Centcom CTO sees generative AI models as a potential drudge for combatant commands
U.S. Central Command has deployed high-tech artificial intelligence capabilities such as computer vision, pattern detection and decision aids that could help with missions like intelligence, surveillance, reconnaissance and targeting. But for generative AI models, Centcom’s chief technology officer sees a more mundane use case: drudge work.
Generative AI has gone viral in recent months with the emergence of ChatGPT and other tools that can generate content such as text, audio, code, images, videos and other types of media, based on prompts and the data they’re trained on.
Schuyler Moore, the CTO for Central Command — which is responsible for U.S. military operations in the Middle East — sees some upsides and limitations of this type of technology for defense applications.

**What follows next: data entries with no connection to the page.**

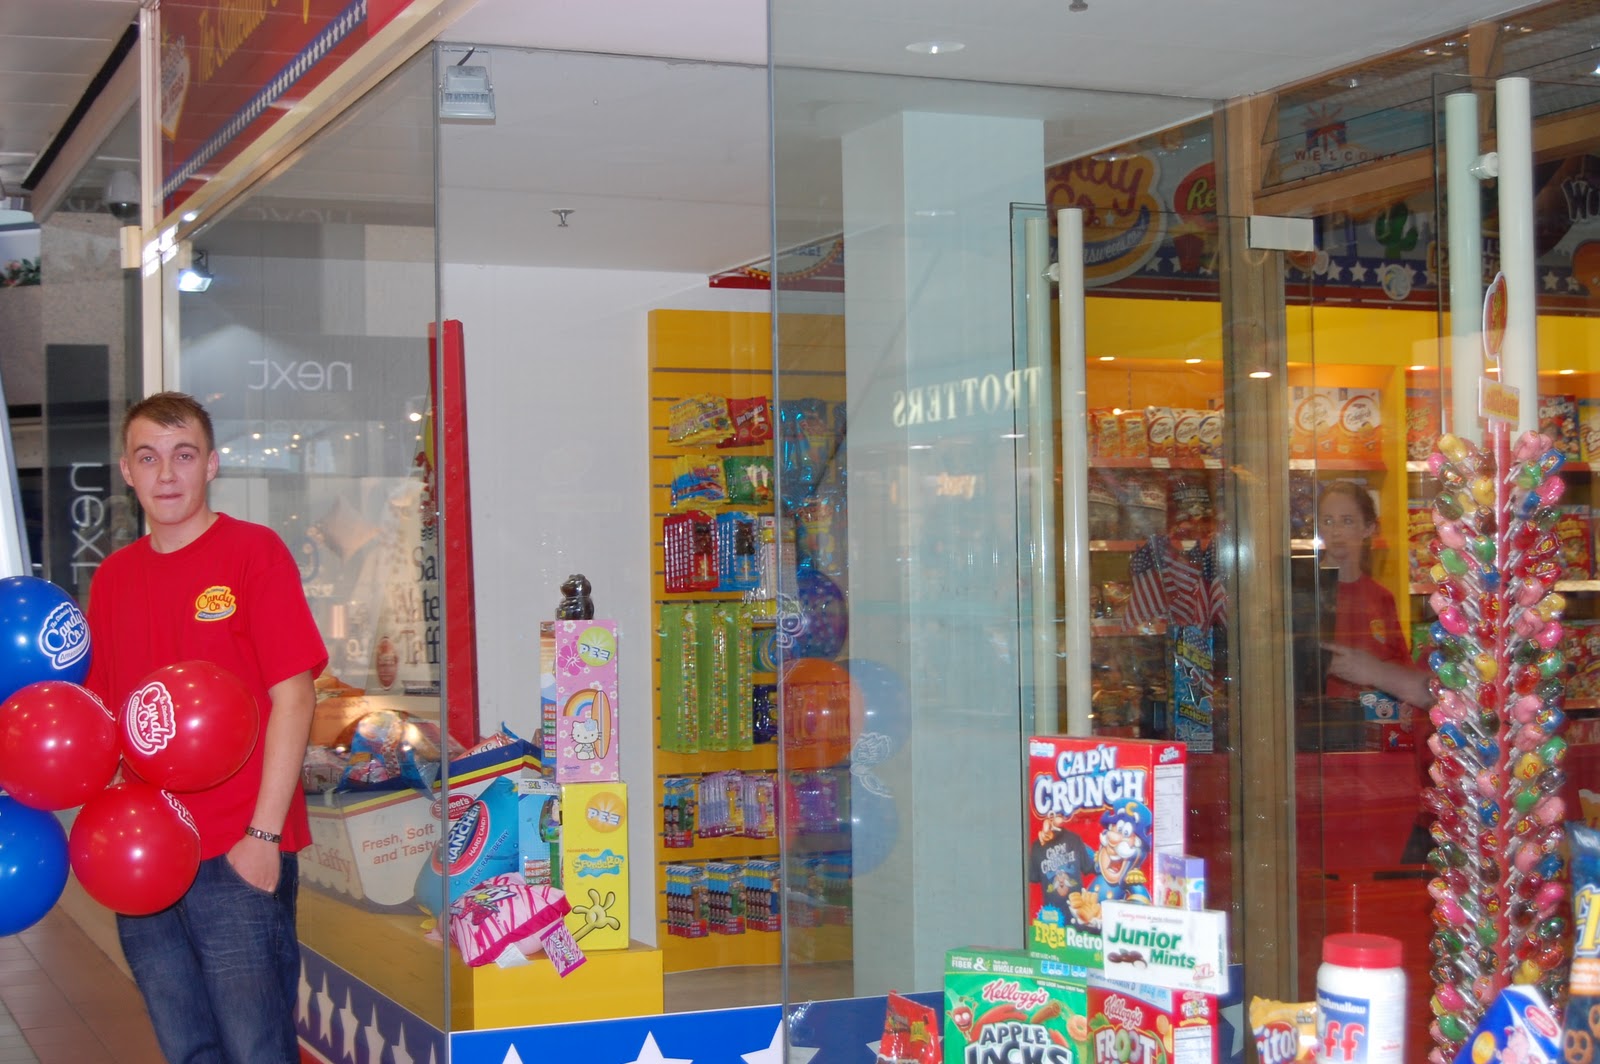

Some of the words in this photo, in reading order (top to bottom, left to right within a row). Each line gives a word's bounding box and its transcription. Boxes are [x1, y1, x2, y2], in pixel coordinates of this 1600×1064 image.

[198, 589, 233, 609] Candy
[45, 606, 85, 652] Candy
[579, 643, 611, 661] PEZ
[141, 686, 169, 742] Candy
[1034, 768, 1146, 816] CRUNCH
[587, 807, 621, 826] PEZ
[406, 823, 435, 841] Soft
[373, 849, 398, 865] and
[468, 836, 482, 857] HARD
[469, 866, 485, 887] BLUE
[481, 830, 511, 869] RASBERRY
[1033, 918, 1066, 949] FREE
[1066, 926, 1103, 951] Retro
[1107, 922, 1183, 950] Junior
[951, 960, 972, 969] FIBER
[992, 963, 1014, 974] WHOLE
[1014, 966, 1034, 976] GRAIN
[1149, 949, 1197, 970] Mints
[983, 978, 1050, 1010] Kellogg's
[1104, 993, 1144, 1031] Kellogg's
[980, 1021, 1048, 1046] APPLE
[1096, 1028, 1156, 1064] FROOT

“This is in an earlier stage for us and we’re trying to be a bit more careful with this because the opportunity space for time savings is immense — and also the risks given the variance of performance and current lack of explainability where errors occur, make the models carry more risk, I think, than might be appropriate for combatant commands to push forward very hard,” Moore said Thursday during a panel discussion on tech integration hosted by the Potomac Officers Club.
“What’s interesting for generative models in our mind that we use is that they really can carve out all of these smaller or menial tasks. And I think sometimes we get super excited about generative models because we see ChatGPT and you can imagine … the future that it could be in and the types of media applications. But the reality is that it has such potential for menial tasks that you can pull off someone’s plate and that everyday workflow,” she said.
Writing emails is one example of the type of drudge work that it could assist with.
“If you have a model that can generate the first draft of your email and get you to a 40% place — it doesn’t have to write a full email, [and] God forbid it sends the email — but if it got you to a 40% mark and then you can adjust and edit from there, think about how much time that would save you. And all of that time savings can then direct the human brain to the nuanced semantic decisions that our human brains are really good at. I think sometimes we flip that over when we say generative models are going to replace those meaning [and] nuance-based decisions that need to be made. No, no. They can free up your time, it can free up your day so that you can make better decisions based on that,” she explained.
Moore continued: “And so for us, generative models require applications where you have the patience and the risk acceptance to work with them and to see where … they might reflect well, where they might not. But you have to be able to accept the risk associated with them. And in our mind, the more pedestrian menial tasks are the ones where there is actually huge potential. So, we’re working through that right now.”
Combatant commands and other Defense Department components recently put several generative models through their paces during a Global Information Dominance Experiment (GIDE) led by the Chief Digital and AI Office (CDAO).
“We have about five different models really just to test out, you know, how do they work? Can we train them on DOD data or tune them on DOD data? How do our users interact with them? And then what metrics do we want to come up with based off of what we were seeing to facilitate evaluation of these tools? Because there aren’t really great evaluation metrics for generative AI yet, and … we want to make sure that we have the ability to understand its capability and know when it’s going to be effective,” Margie Palmieri, the Pentagon’s deputy chief digital and AI officer, said last month at a RAND Corp. event.
Palmieri didn’t identify the specific models that were tested, but she suggested an aim is to explore potential use cases and see how well the technology might meet the department’s needs.
“The way we think AI is it really is use-case based. So even in these generative AI models, they’re not the solution for every use case … In DOD, we have computer vision to look for object detection and tracking. We have natural language processing to look through policy documents and, you know, find correlations. We have other types of [machine learning] algorithms for predictive maintenance. So generative AI is no different. There are going to be use cases that it’s really, really good for and there are going to use cases it’s not good for,” she said.
Meanwhile, some Pentagon leaders are keen on pursuing generative AI solutions that have been specifically developed for U.S. military missions and trained on DOD data, because officials don’t fully trust the commercial products that are currently on the market, which have been known to “hallucinate” and provide inaccurate information.
“We are not going to use ChatGPT in its present instantiation. However, large language models have a lot of utility. And we will use these large language models, these generative AI models, based on our data. So they will be tailored with Defense Department data, trained on our data, and then also on our … compute in the cloud and/or on-prem, so that it’s encrypted and we’re able to essentially … analyze its, you know, feedback,” Maynard Holliday, the Pentagon’s deputy CTO for critical technologies, said in June at Defense One’s annual Tech Summit.
The department recently hosted a conference in McLean, Virginia, focused on generative AI. About 250 people from government, industry and academia were expected to attend, Holliday told DefenseScoop before the confab.
“We’ve got to level-set everybody” regarding DOD’s potential use cases for the technology and the things that industry and academia are doing in this field, he explained, noting that stakeholders need to figure out what technical gaps can be closed “to get us to those foundational models.”